EXERCISE GOAL:
Would you output the listing exactly, with every image omitted?

----- EXTRACTED MATERIAL -----

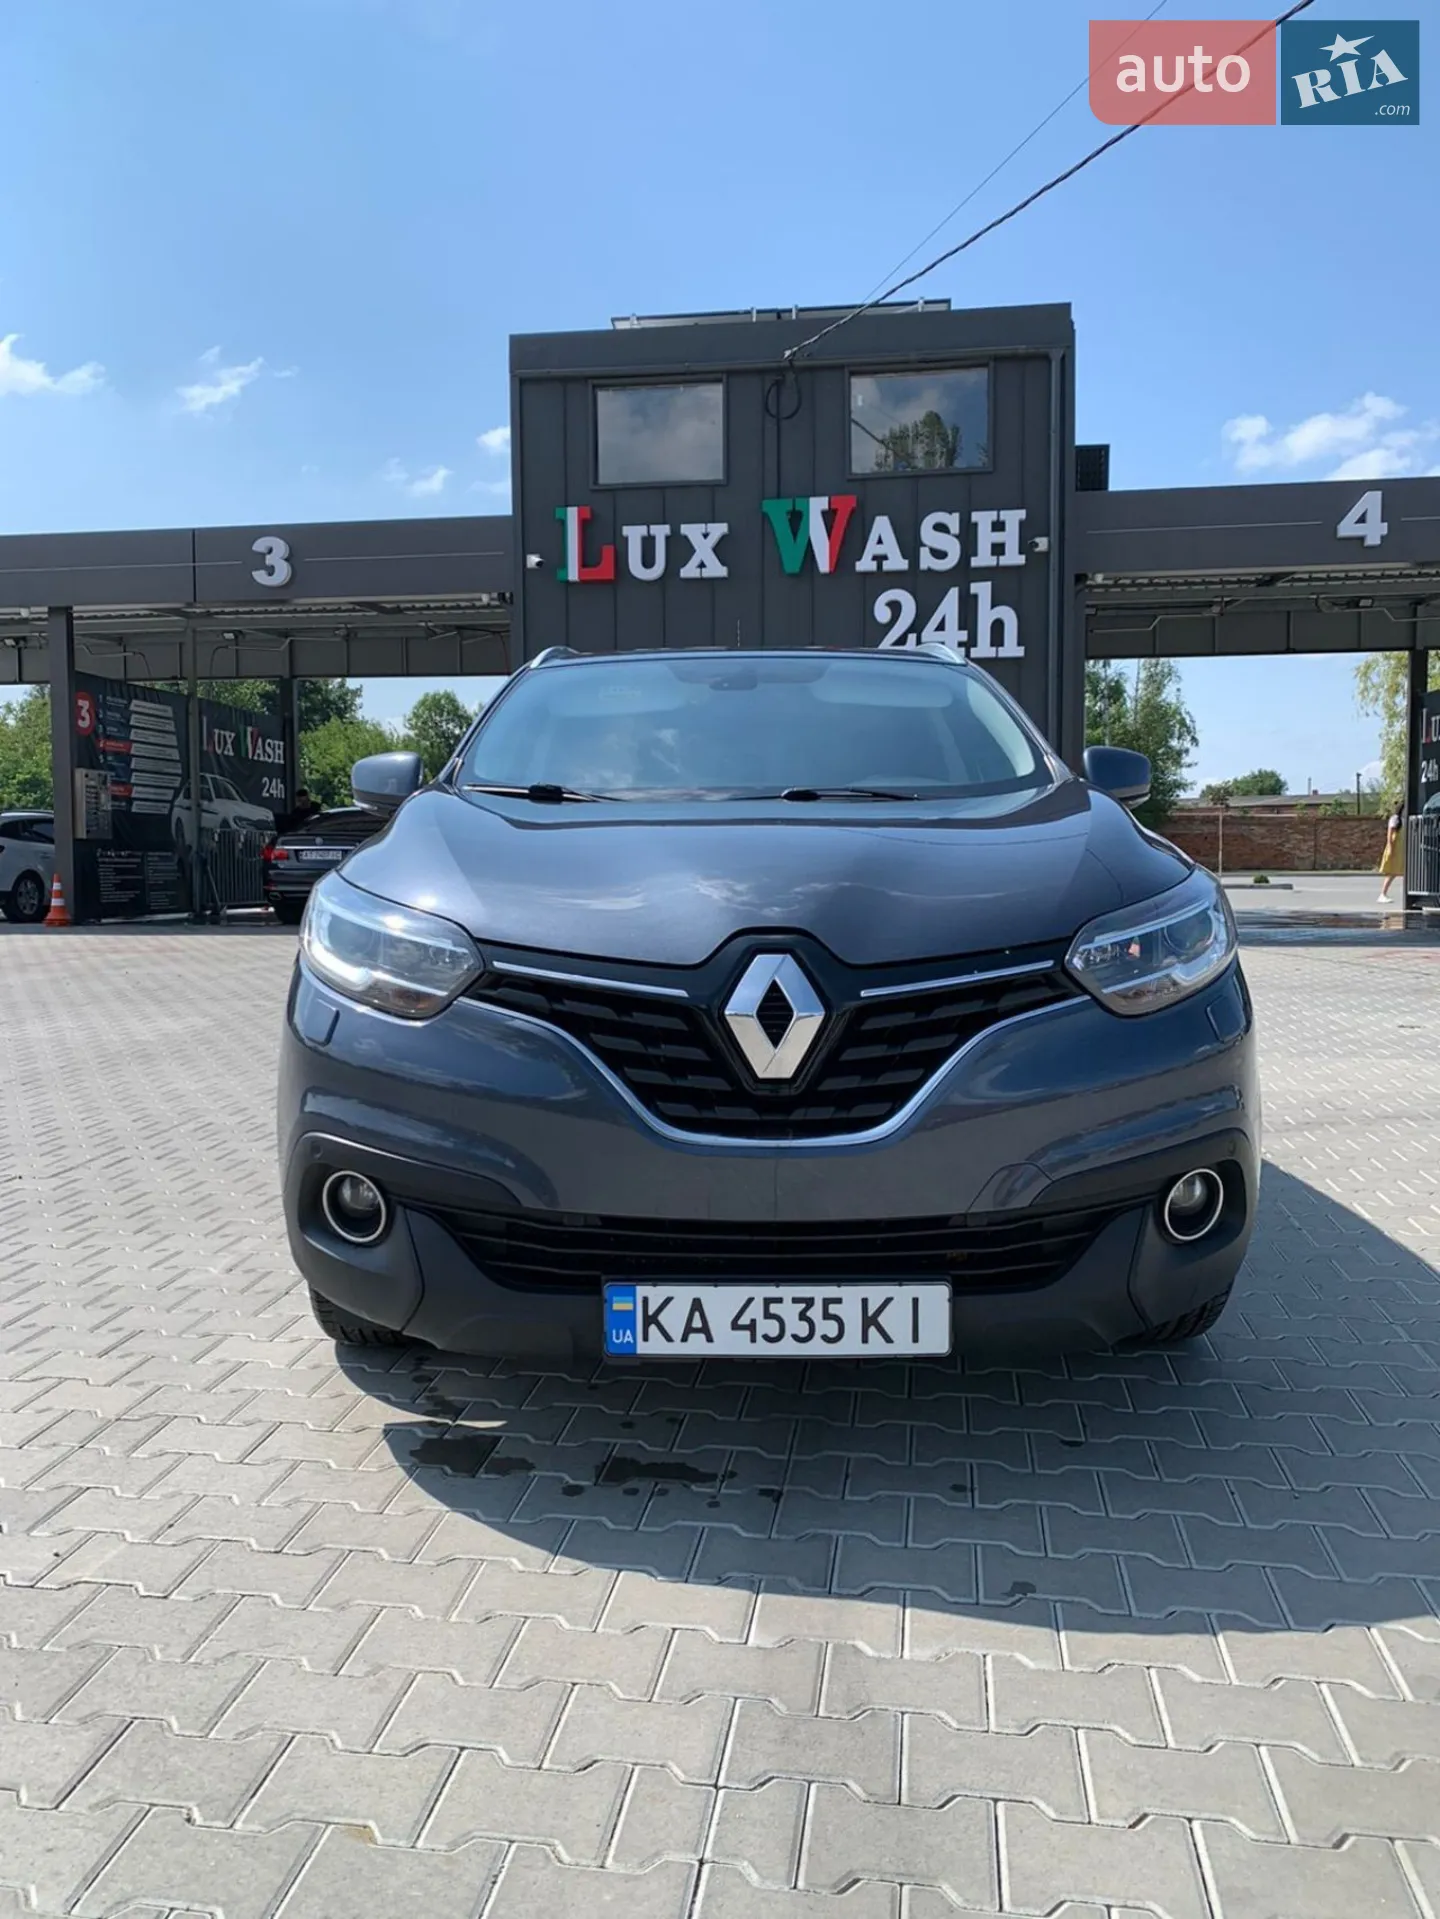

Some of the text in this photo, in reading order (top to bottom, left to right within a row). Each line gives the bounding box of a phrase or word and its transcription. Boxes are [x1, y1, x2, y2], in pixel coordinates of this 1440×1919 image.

[555, 495, 1027, 582] LUX WASH
[1336, 490, 1389, 547] 4
[251, 535, 292, 588] 3
[873, 580, 1026, 659] 24h
[77, 698, 91, 729] 3
[239, 726, 285, 765] WASH
[261, 776, 286, 799] 24h
[1420, 758, 1439, 783] 24h
[612, 1330, 634, 1344] UA
[641, 1296, 920, 1344] KA 4535 KI
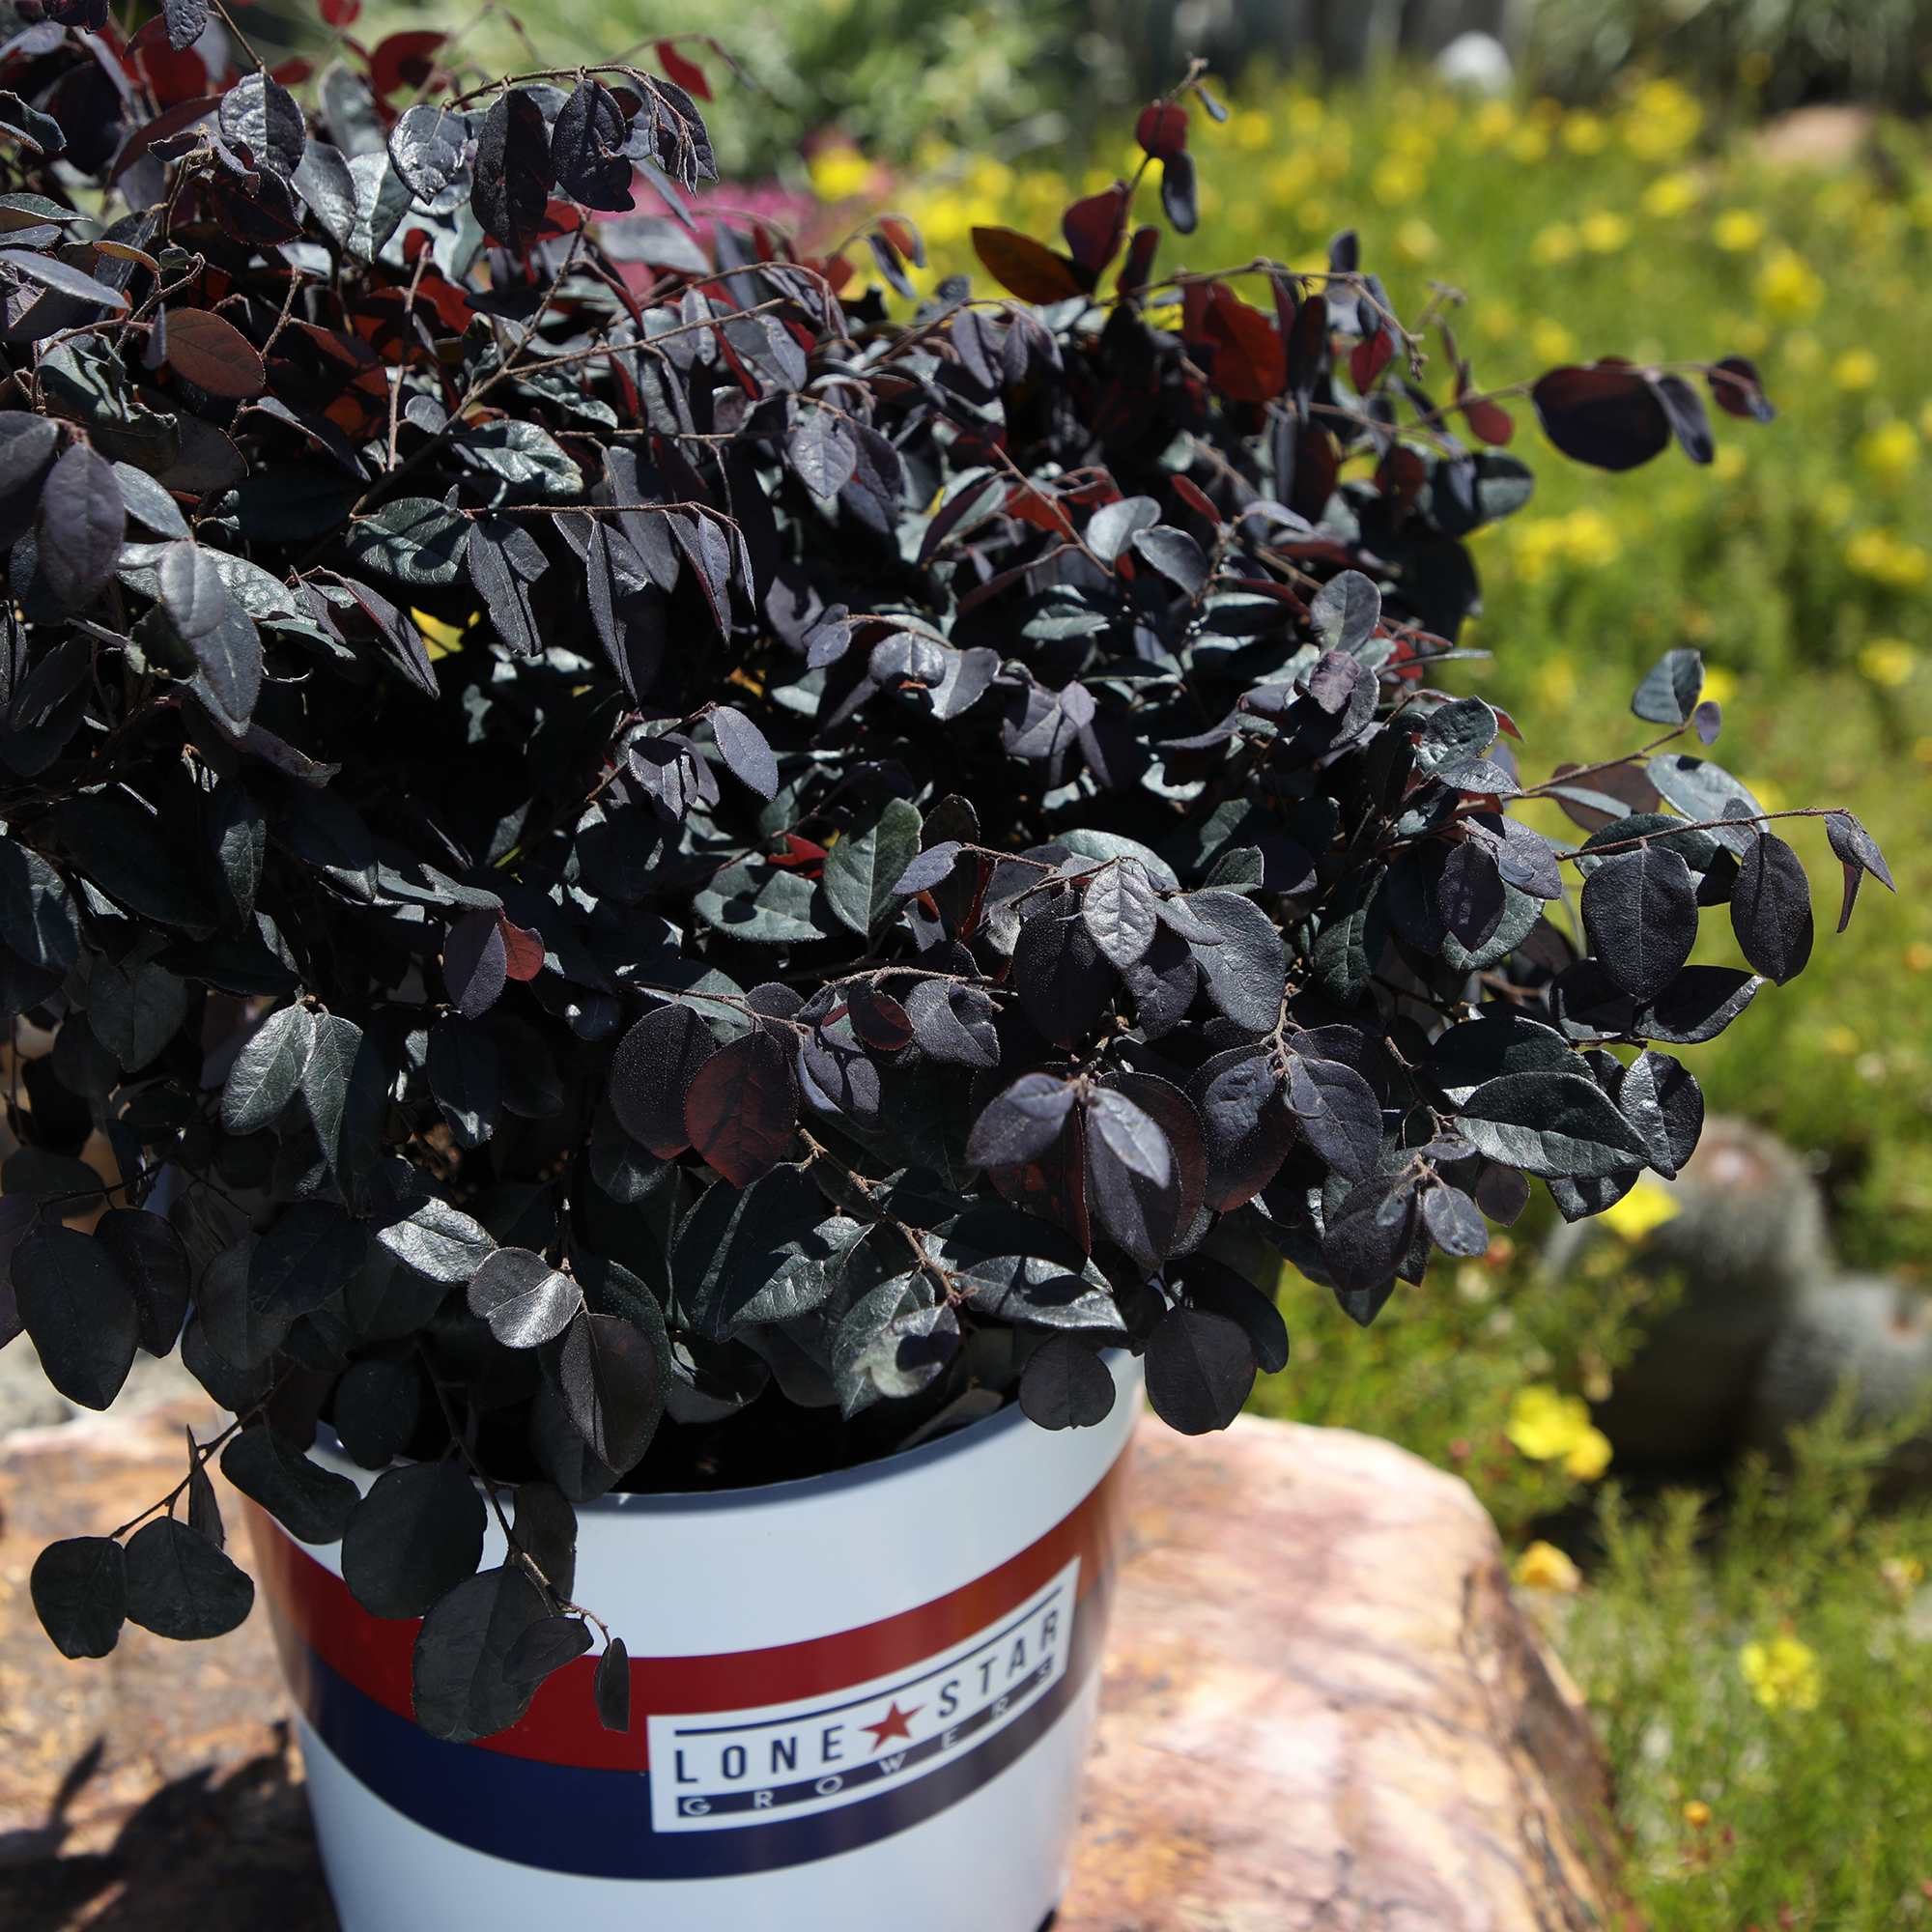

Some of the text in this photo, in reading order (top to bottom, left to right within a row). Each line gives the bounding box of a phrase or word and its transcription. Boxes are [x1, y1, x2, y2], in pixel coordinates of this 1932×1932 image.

-----

ANSWER BOX:
Some of the text in this photo, in reading order (top to bottom, left to right within a row). Each line gives the bounding box of a phrase or word and its transcription. Boxes are [x1, y1, x2, y2], in pixel coordinates of this 1440×1919 image.

[555, 495, 1027, 582] LUX WASH
[1336, 490, 1389, 547] 4
[251, 535, 292, 588] 3
[873, 580, 1026, 659] 24h
[77, 698, 91, 729] 3
[239, 726, 285, 765] WASH
[261, 776, 286, 799] 24h
[1420, 758, 1439, 783] 24h
[612, 1330, 634, 1344] UA
[641, 1296, 920, 1344] KA 4535 KI

Some of the text in this photo, in reading order (top to bottom, left to right within a row). Each line gives the bounding box of a phrase or word and its transcription. Boxes are [x1, y1, x2, y2], in pixel coordinates of this 1932×1932 image.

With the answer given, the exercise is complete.